Outbreaks of highly pathogenic avian influenza in China and many parts of the world in the past two decades have caused substantial economic damages in poultry production and trade and posed significant threats to public health. These viruses have shown a high capacity for international spread, indicating a need to understand viral dynamics at the forefront of emergence to better prepare the world as potential new challenges emerge. However, data on the diversity and transmission of human- and animal-infected AI viruses (both highly pathogenic and low pathogenic AI viruses) in China remains scattered, limited, and incomplete, which substantially hinders development of advanced capacity towards prediction and forecasting of diversity and transmission dynamics of AI viruses. To help improve understanding of the underlying dynamics of viral spread and persistence, and subsequently prediction and forecasting capacities, we have two ongoing efforts funded by the National Science Foundation.
Our first project, a part of the NSF Ecology and Evolution of Infectious Diseases program, assembles an international and multidisciplinary team from China and USA to explore diversity and transmission dynamics of AI viruses in China since early 1980s and understand how large-scale landscape changes are impacting the disease transmission interface. This work has a particular focus on the East Asian-Australasian Flyway, but due to the global threat posed by avian influenza, has implications for the entire globe.
This project is organized into four sets of specific objectives and tasks:
- use the One-Health approach to identify and document diverse and relevant driving factors of AI viruses at the human-animal-environment interface and the Big Data approach to harness and improve disparate geospatial datasets of AI viruses and driving factors,
- use phylogenetic and phylogeographic models to investigate the diversity of AI viruses,
- combine spatial-temporal statistical and mathematical models to better understand and predict transmission dynamics of AI viruses over time and space, and
- work with China CDC and other stakeholders, and incorporate the resultant data and models to support their efforts in disease surveillance, control, and prevention.

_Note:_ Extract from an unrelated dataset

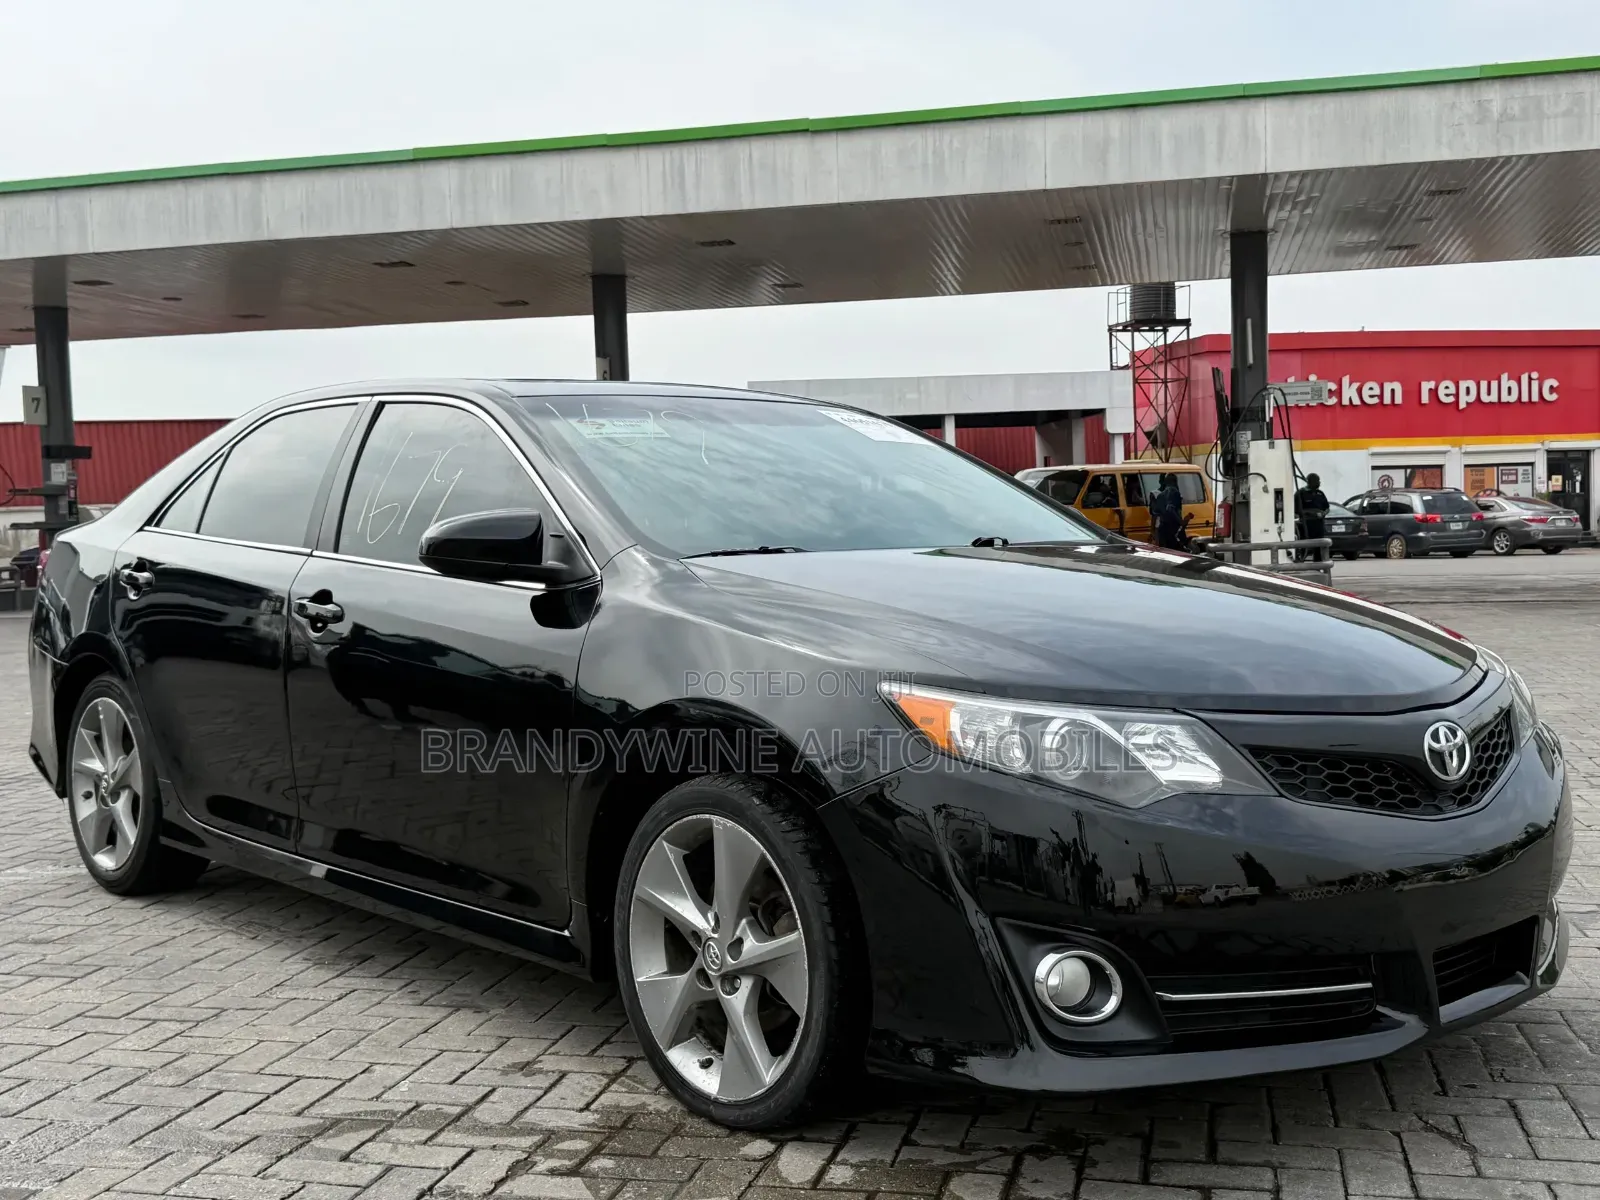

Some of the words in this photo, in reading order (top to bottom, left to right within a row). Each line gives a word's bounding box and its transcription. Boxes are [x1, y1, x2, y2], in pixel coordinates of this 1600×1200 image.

Our second ongoing effort, part of the Predictive Intelligence for Pandemic Prevention Phase I grants, focuses on leveraging the international collaborations formed in our first project to explore the appropriate pathways for setting-up an International Center for Avian Influenza Pandemic Prediction and Prevention. This center will look to tackle the grand problem of avian influenza pandemic risk by scaling many of the lessons learned in our first project to include broader spatial distributions and leveraging additional data and collaborators. This center will also emphasize a structured decision-making approach to develop decision support systems and tools and predict their effectiveness for surveillance and intervention of AIV evolution, spillover, and transmission. The center will be focused on prediction and prevention of AIV pandemic in Eurasia and its potential linkage and risk with North America.